Skilled Nursing
Articles
Nonpharmacologic Management of Behavioral Issues
December 16, 2024Creating and sustaining such a culture that prioritizes nonpharmacologic interventions can be challenging, especially when access to resources is limited, turnover makes it difficult to keep staff trained consistently, and the proliferation of misconceptions and lack of communication all contribute to psychotropic prescribing and use.
Jeffrey Herr, PharmD, manager of clinical operations at PharMerica further noted, “Nurses have to spend so much of their time complying with regulations. They have less time for direct patient care and often feel stressed out and frustrated. Strategizing and implementing nonpharmacologic interventions take time, and this is in short supply in most facilities.”
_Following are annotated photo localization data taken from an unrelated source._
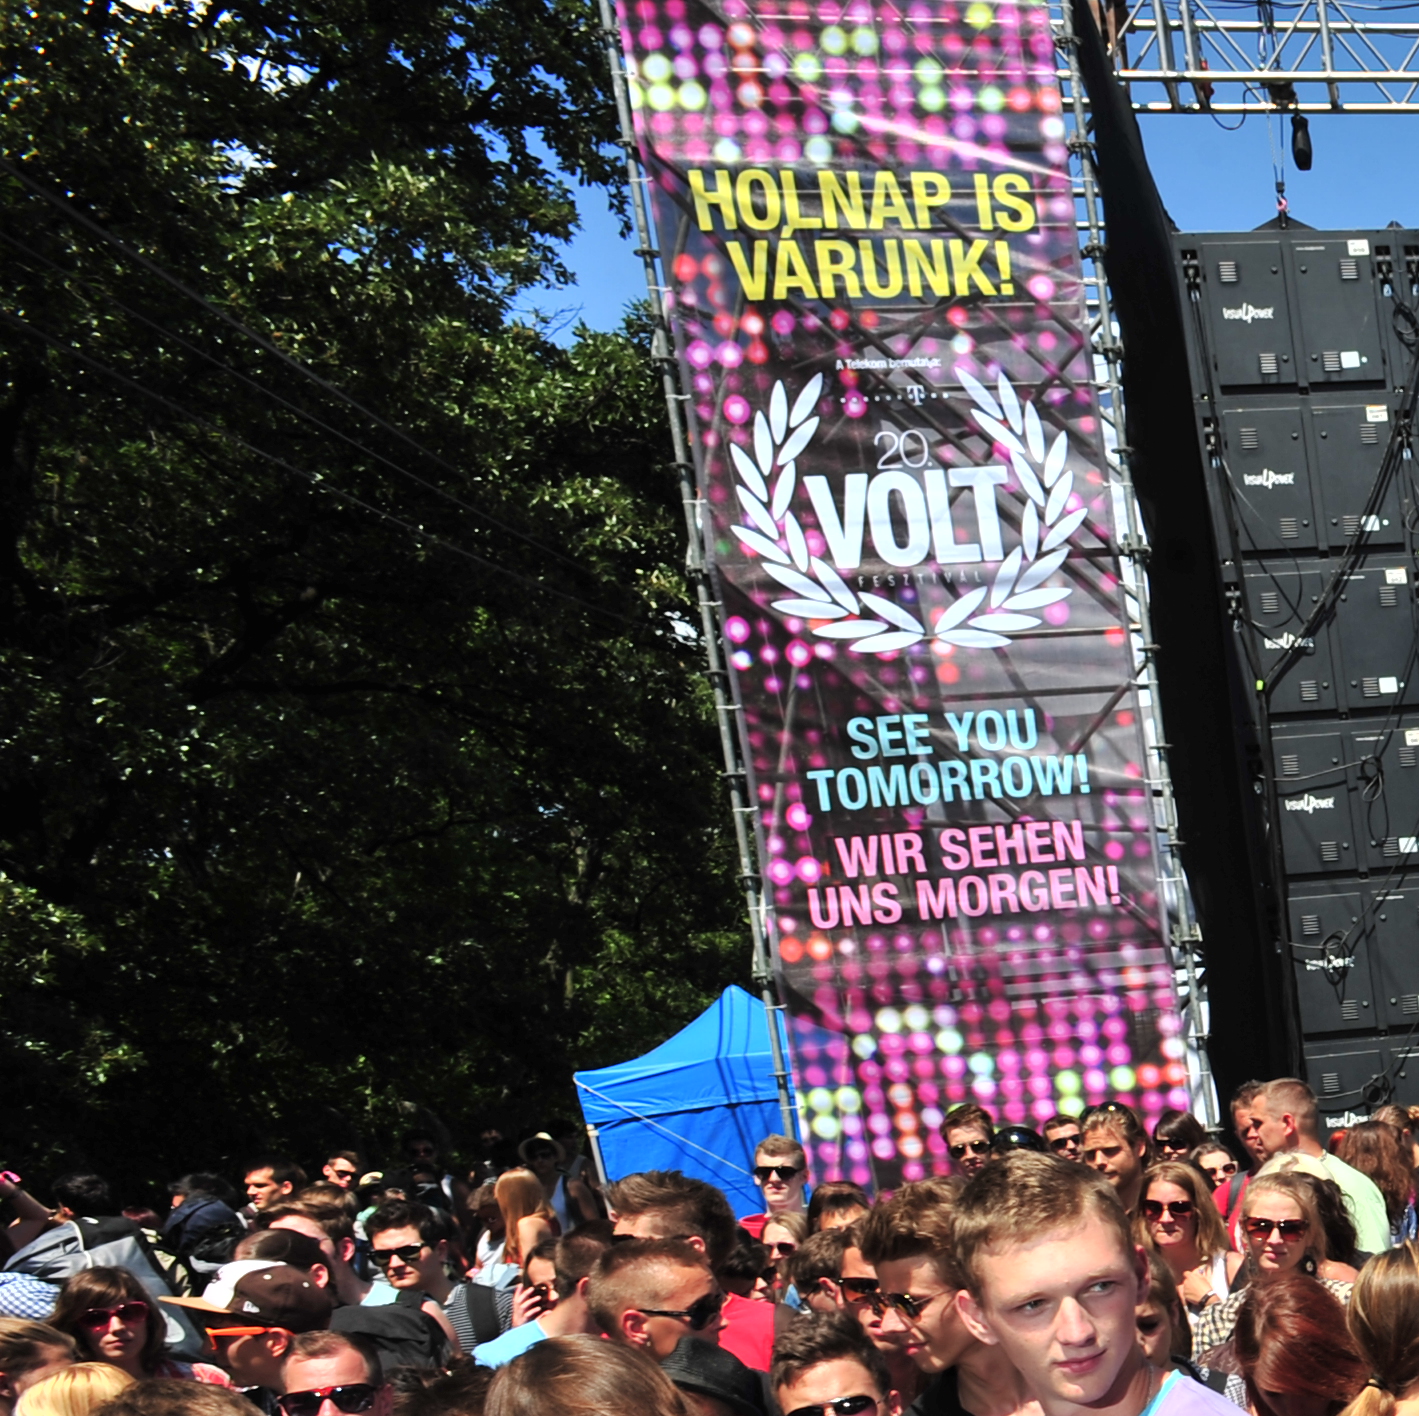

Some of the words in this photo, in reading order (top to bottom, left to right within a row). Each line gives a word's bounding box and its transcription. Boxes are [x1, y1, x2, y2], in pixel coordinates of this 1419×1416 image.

[687, 168, 951, 231] HOLNAP
[974, 172, 1036, 233] IS
[726, 225, 1016, 301] VÁRUNK!
[874, 429, 933, 471] 20.
[803, 464, 1009, 570] VOLT
[847, 714, 931, 760] SEE
[944, 708, 1039, 753] YOU
[807, 755, 1090, 812] TOMORROW!
[835, 831, 924, 878] WIR
[942, 820, 1086, 872] SEHEN
[808, 881, 902, 930] UNS
[919, 865, 1121, 922] MORGEN!
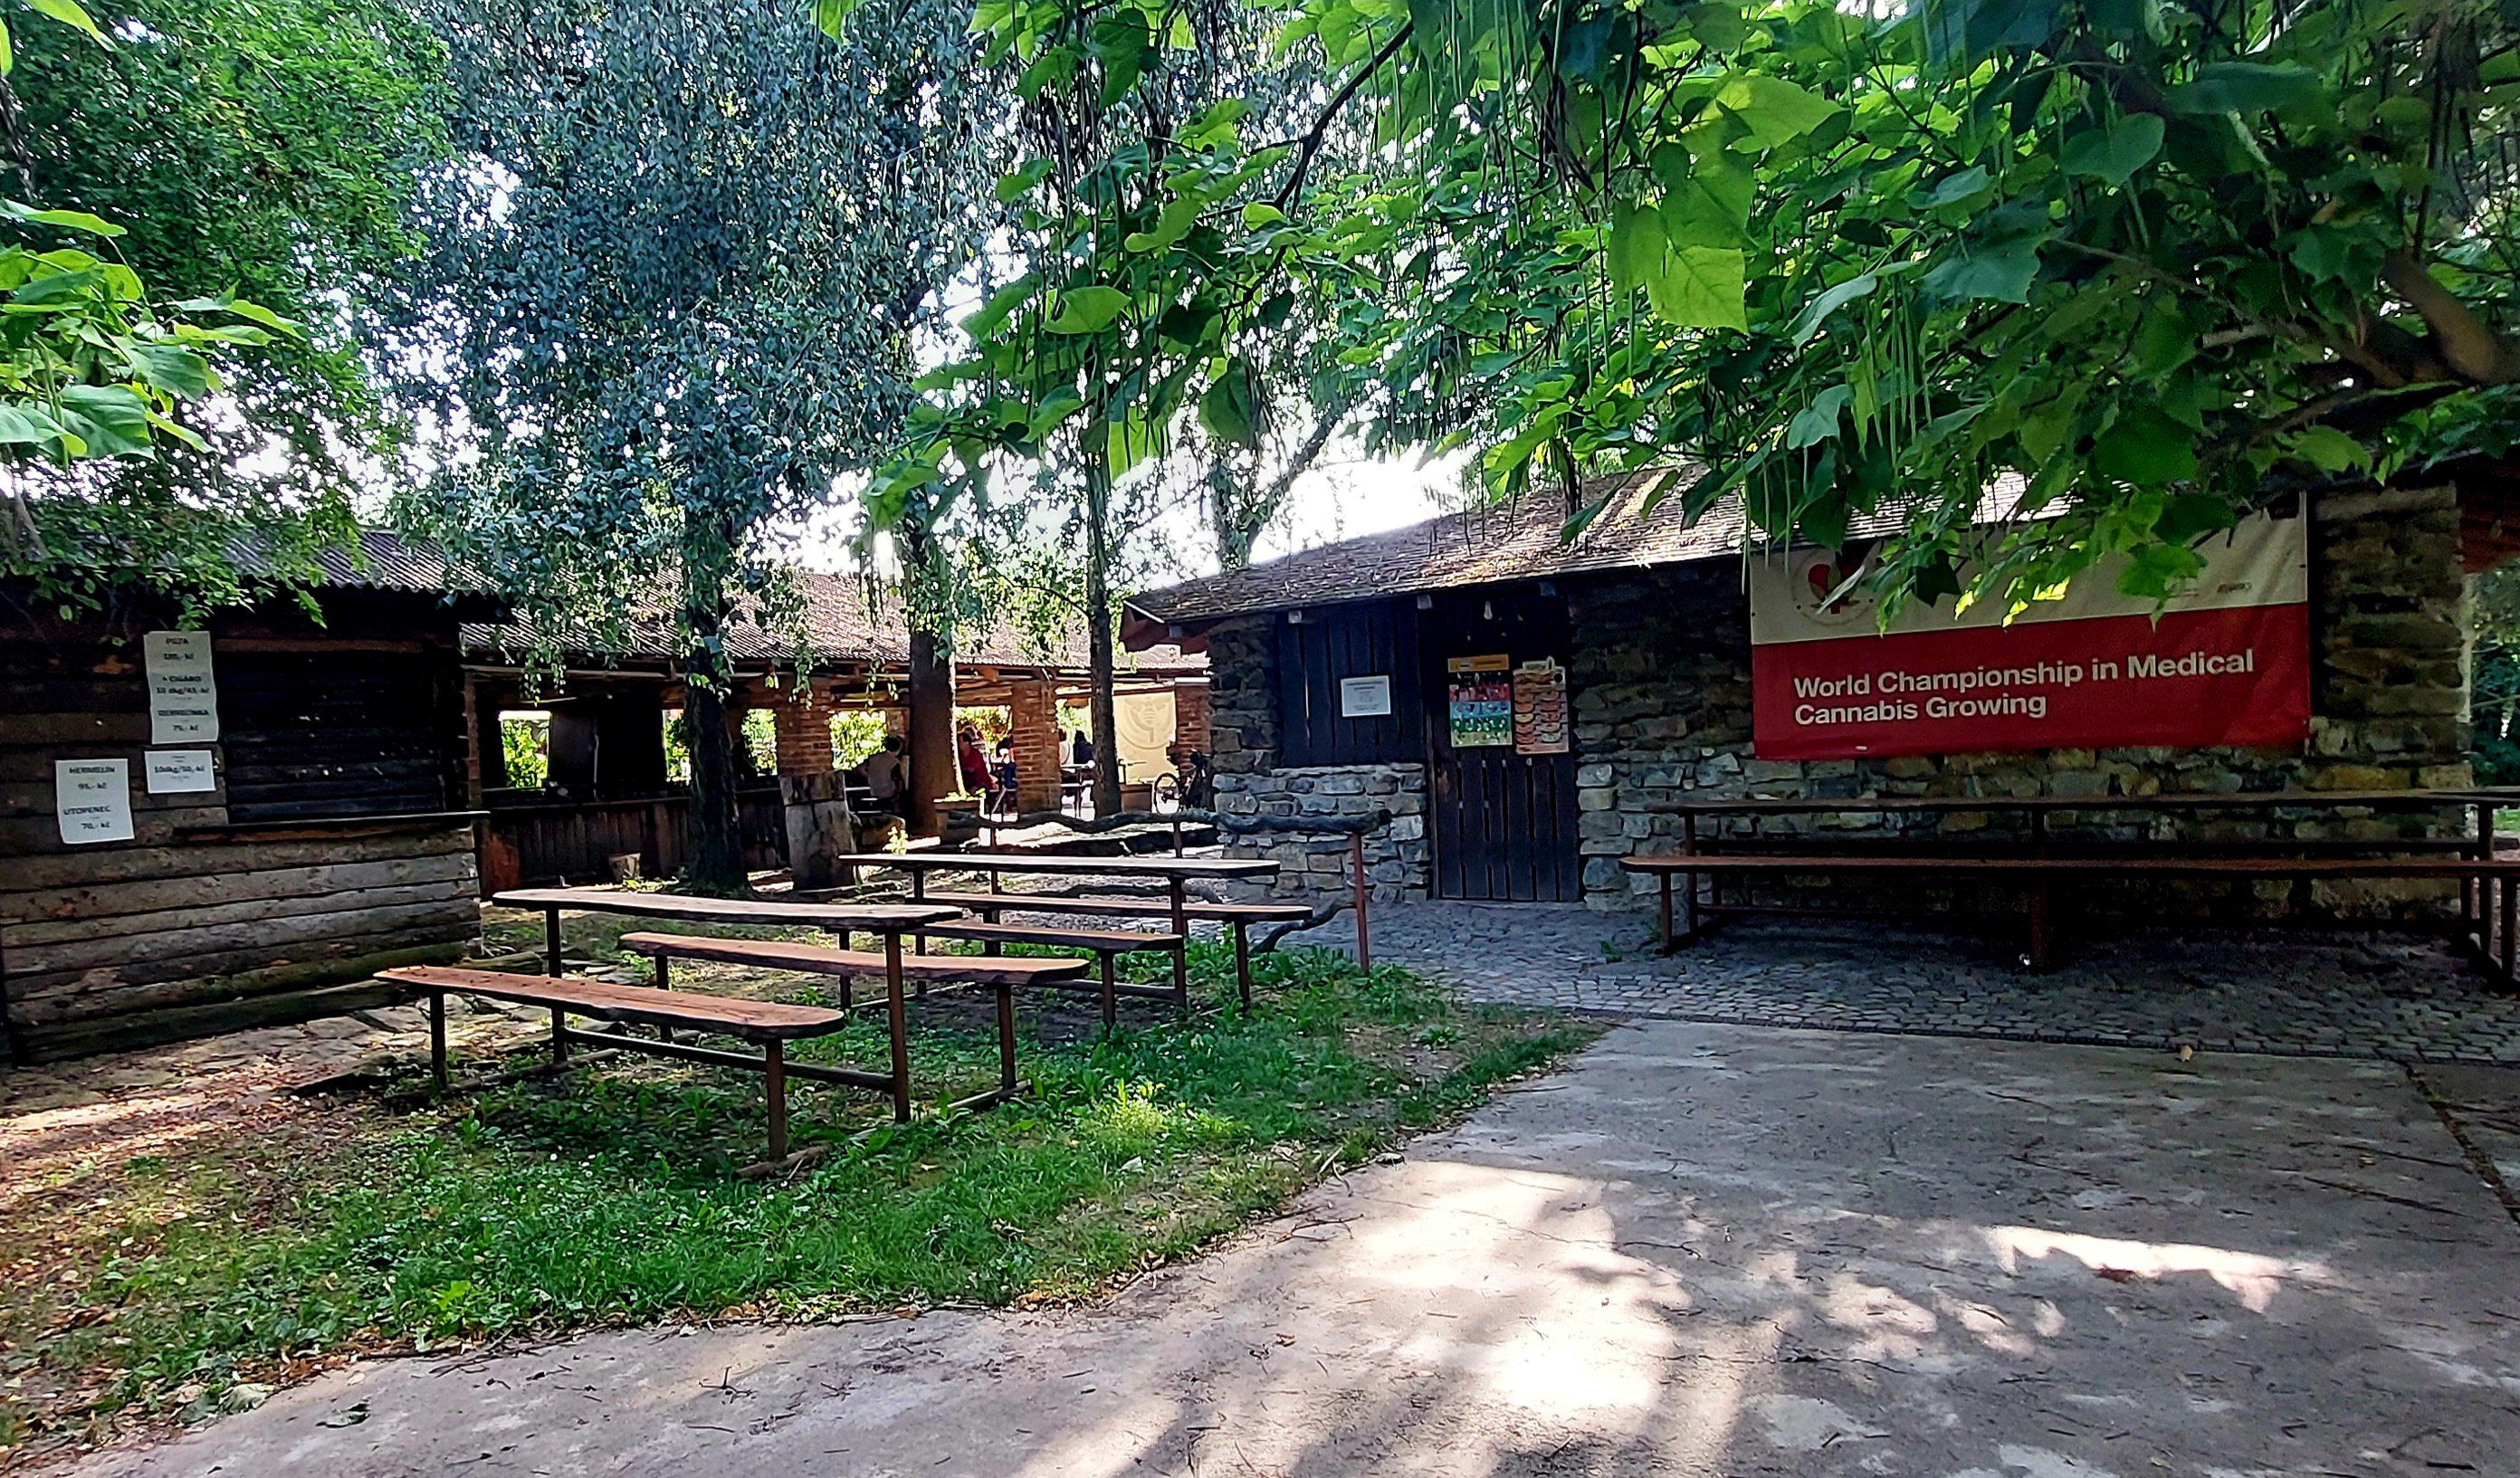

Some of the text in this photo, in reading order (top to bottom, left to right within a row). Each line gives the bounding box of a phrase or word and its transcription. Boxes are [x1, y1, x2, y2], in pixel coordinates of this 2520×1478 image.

[1794, 648, 2254, 699] World Championship in Medical
[1795, 692, 2047, 725] Cannabis Growing
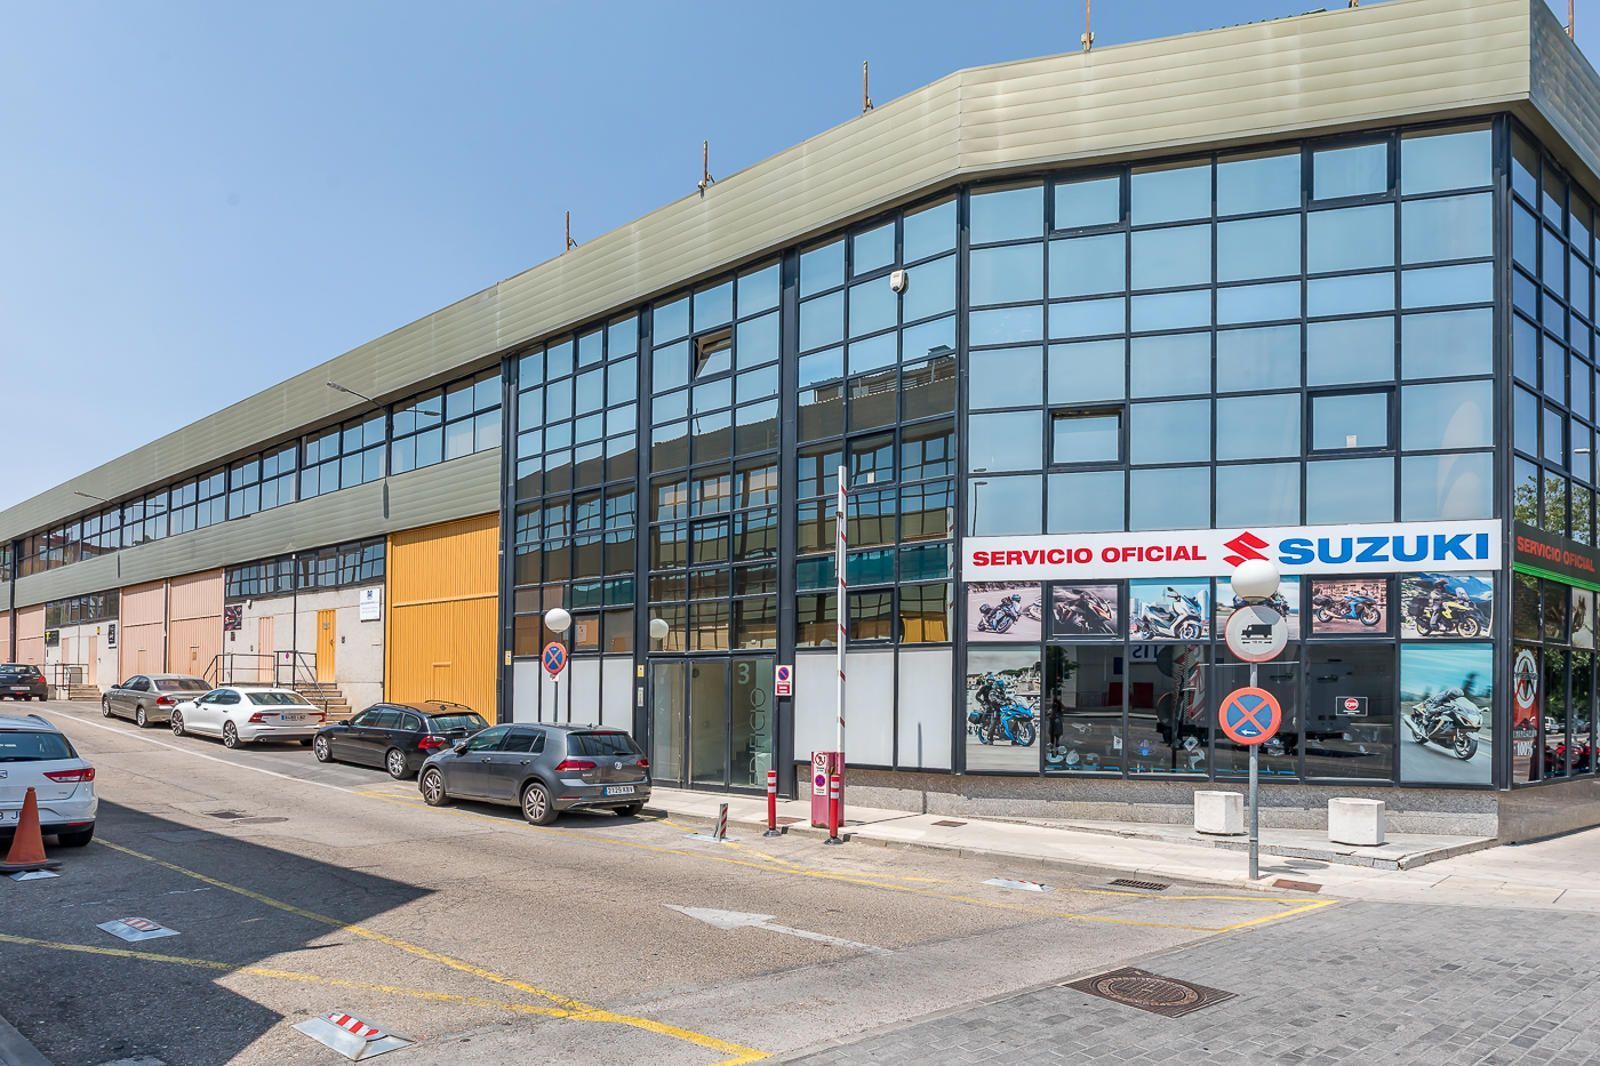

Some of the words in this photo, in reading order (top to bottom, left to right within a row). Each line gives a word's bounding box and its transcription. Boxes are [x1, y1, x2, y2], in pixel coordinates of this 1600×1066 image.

However, there are some steps facilities can take to boost a focus on nonpharmacologic strategies for behavioral issues:
1. Tailor nonpharmacologic interventions so they are as quick and easy as possible.
Herr stated, “Consider some simple interventions such as changing ambient lightening, utilizing white noise, or reducing caffeine intake for someone with sleep problems. Train staff to assess and identify what might be causing a behavior and what easy-to-implement interventions might be effective.”
2. Involve family and caregivers in care planning.
Family members, caregivers, and others who know the resident may be able to offer insights into what triggers or traumas they have, what their life and habits were before admission, and what kinds of things might agitate them (e.g., they have a fear of spiders) or calm them down (e.g., they love dogs or flowers).
3. Focus on what is best for the resident.
“When I talk with nurses dealing with situations, I remind them that this is our focus,” said Herr. This means, he noted, not just putting or keeping a resident on psychotropics because the family likes that mom is calm or it makes them easier to care for. Instead, he said, “We have to focus on medical justification and risk versus benefit; then we have to document this in the progress notes.”
To simplify this, Herr suggested creating an SBAR/EMR assessment for staff to complete before a psychotropic is started. This will help document that there is a valid indication for the drug, that nonpharmacologic interventions were tried, and that behavior and side effect monitoring processes are in place. Regularly scheduled psychotropic/behavior meetings also can be effective. However, prescriber engagement is necessary for these to be successful.
4. Remember it’s about trial and error.
There is no panacea for addressing behavioral issues. Instead, Herr suggested, “We have to make choices based on the information we have and balancing the risks and benefits. We have to be willing to try things and see what happens. If they don’t work, we regroup and try something else.” It also is important to realize, he said, that if trying a feasible solution once doesn’t work, it’s worth trying it again another day or another time before discarding it.
5. Communication is key.
All stakeholders must have up-to-date, accurate information, and they need to be able to share thoughts, suggestions, and recommendations. For instance, the prescriber and the consultant pharmacist must be able to communicate to improve gradual dose reduction (GDR) success, which includes one-on-one communication. Team members and families should be schooled on the risks and benefits of psychotropics and when it might be appropriate to use these medications as well as when they aren’t indicated or appropriate.
6. Implement a strong psychotropic stewardship program.
An effective, detailed, and clearly defined stewardship program can help ensure that when psychotropics are used, they have the appropriate diagnosis/indications, outcomes are being monitored, adverse events and side effects are identified and addressed promptly, and opportunities to lower dosages or discontinue the medications are ongoing efforts.
“Stewardship doesn’t mean ‘cookie-cutter’ care,” Herr stressed. In fact, he said, “Stewardship reminds us to take one patient at a time.”